1. Sudut Pandang Orang Ketiga Serba Tahu
Pada jenis sudut pandang yang satu ini, penulis mengungkapkan apa yang terjadi dalam benak si tokoh.
1. Ketika Perbedaan Memisahkan Kita
Sartika dan Indah adalah dua wanita muda yang telah berteman sejak usia muda. Mereka berteman sejak masih di sekolah menengah.
Indah adalah putra seorang pengasuh di sekolah menengah tempat dia bekerja.
Sartika sekarang adalah putra dari kepala yayasan di sekolah menengah tempat ia dan Idrus bersekolah.
Mereka berteman dengan orang kepercayaan ini, terlepas dari perbedaan status sosial di antara mereka.
Mereka tidak peduli dengan status sosial mereka. Namun, orang-orang di sekitar mereka sangat peduli, terutama orang tua mereka.
Ayah yang cantik selalu menyarankan anak-anaknya untuk percaya diri ketika berhadapan dengan sartika.
Begitu juga dengan ayah Sartika untuk anaknya. Kedua orang tua tidak pernah berhenti merekomendasikan mereka. Namun, mereka masih bodoh dan tidak peduli.
Indah dan Sartika adalah teman sampai mereka lulus SMA. Setelah lulus, mereka juga menjalani kehidupan masing-masing.
Indah menjalani hidupnya sebagai pemilik toko musik. Sementara itu, Sartika menjalani hidupnya sebagai mahasiswa akuntansi di universitas negeri di ibukota.

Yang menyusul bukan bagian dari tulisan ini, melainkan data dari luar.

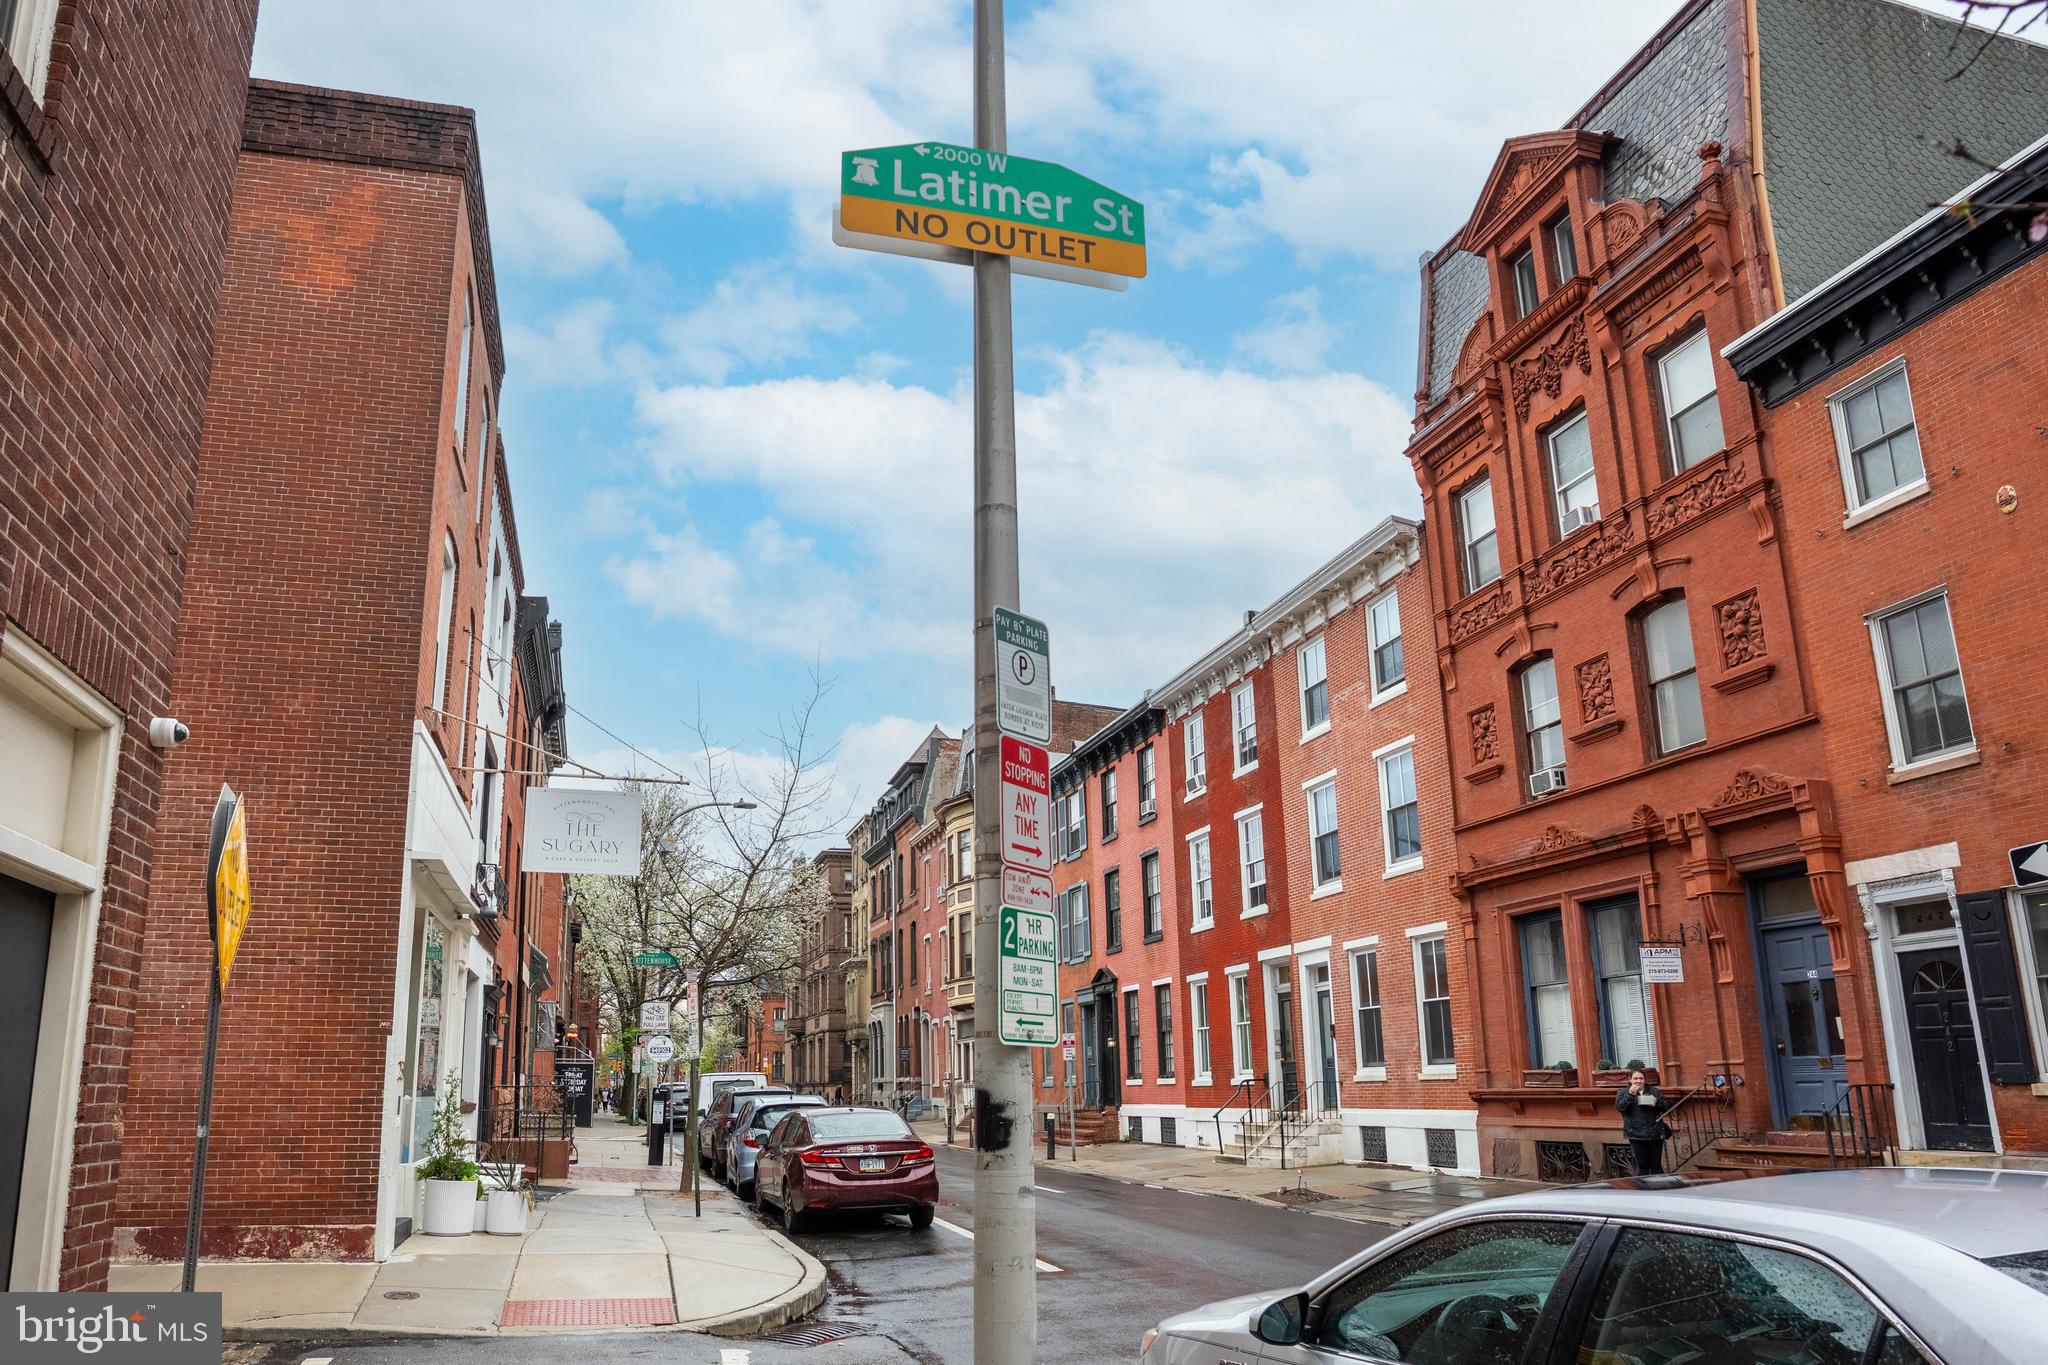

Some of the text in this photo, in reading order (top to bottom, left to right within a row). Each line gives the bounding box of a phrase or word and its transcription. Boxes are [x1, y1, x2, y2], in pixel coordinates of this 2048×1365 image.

[933, 145, 1008, 173] 2000 W
[894, 159, 1135, 237] Latimer St
[896, 208, 1097, 264] NO OUTLET
[996, 614, 1010, 628] PAY
[1026, 625, 1047, 642] PLATE
[1006, 630, 1039, 651] PARKING
[1019, 655, 1028, 678] P
[1018, 745, 1031, 764] NO
[1005, 761, 1046, 789] STOPPING
[1015, 792, 1037, 816] ANY
[565, 812, 605, 838] THE
[1014, 814, 1039, 840] TIME
[542, 838, 623, 855] SUGARY
[1004, 916, 1042, 950] 2 HR
[1018, 937, 1054, 958] PARKING
[1013, 976, 1044, 989] MON-SAT

Suatu hari Sartika ingin membeli CD dari grup idolanya di sebuah toko musik. Sartika memasuki toko musik.
Ketika dia mencoba mengambil CD targetnya di salah satu rak toko, dia tiba-tiba melihat sosok Idrus, yang sedang merapikan CD di toko di rak berikutnya.
Kartika mendekati temannya dan menyapanya. Senang terkejut menghindari keberadaan sahabatnya. “Kenapa kamu bertingkah seperti ini?” Sartika bertanya sedikit keras.

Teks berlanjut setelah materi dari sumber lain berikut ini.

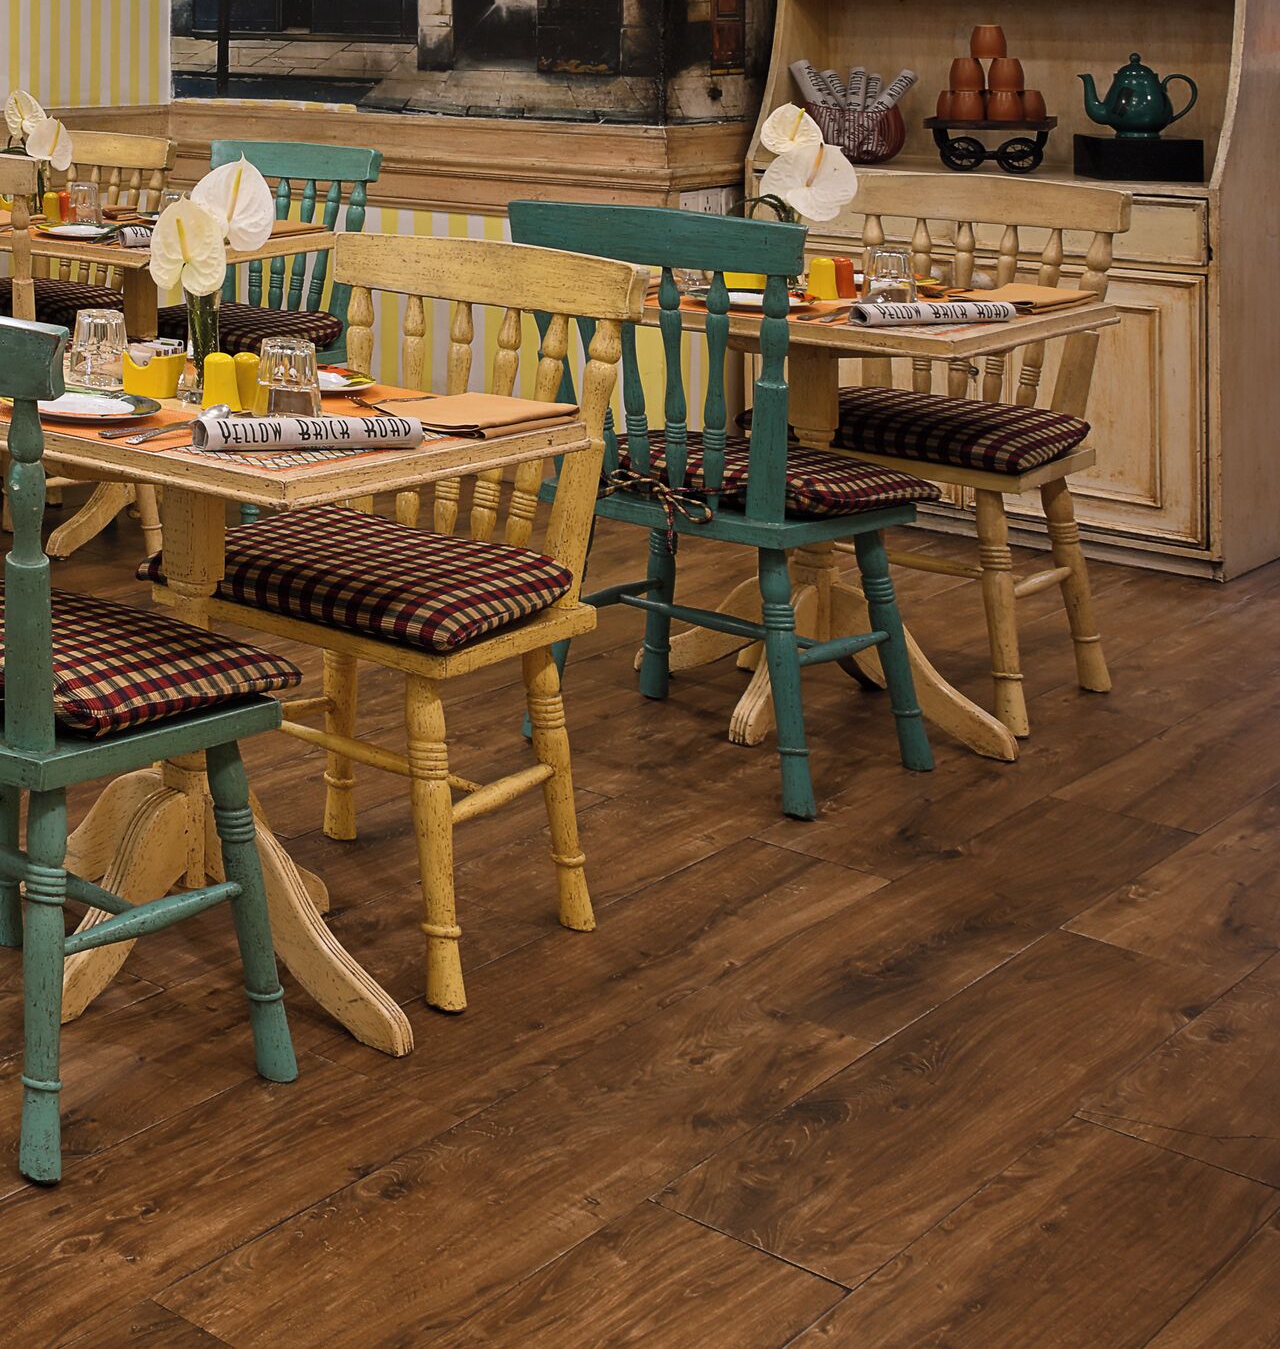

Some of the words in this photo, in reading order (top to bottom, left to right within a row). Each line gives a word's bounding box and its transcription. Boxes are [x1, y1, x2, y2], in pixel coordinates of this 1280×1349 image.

[873, 304, 922, 320] YELLOW
[927, 303, 968, 319] BRICK
[972, 302, 1010, 319] ROAD
[217, 420, 282, 444] YELLOW
[295, 419, 351, 441] BRICK
[361, 417, 412, 438] ROAD

Beautiful tidak menjawab dan melewati wanita itu. Maafkan aku, Sartika. Saya harus menghindari Anda.
Aku tidak ingin ayahmu mengancamku lagi karena aku berteman denganmu. Interior bagus.
Sebelum Indah lulus dari sekolah menengah, ayah Sartika telah datang kepadanya dan mengancam bahwa ia tidak akan dapat menghubungi Sartika setelah lulus.
Ayah Sartika berpendapat bahwa Indah hanyalah warga negara yang tidak pantas berteman dengan anak-anaknya, yang berasal dari keluarga kaya.
Di sisi lain, Sartika masih tidak percaya dengan sikap sahabatnya. Kenapa dia bersikap seperti ini?
Apakah dia membenci saya atau ada hal lain yang melakukannya? Pikir Sartika.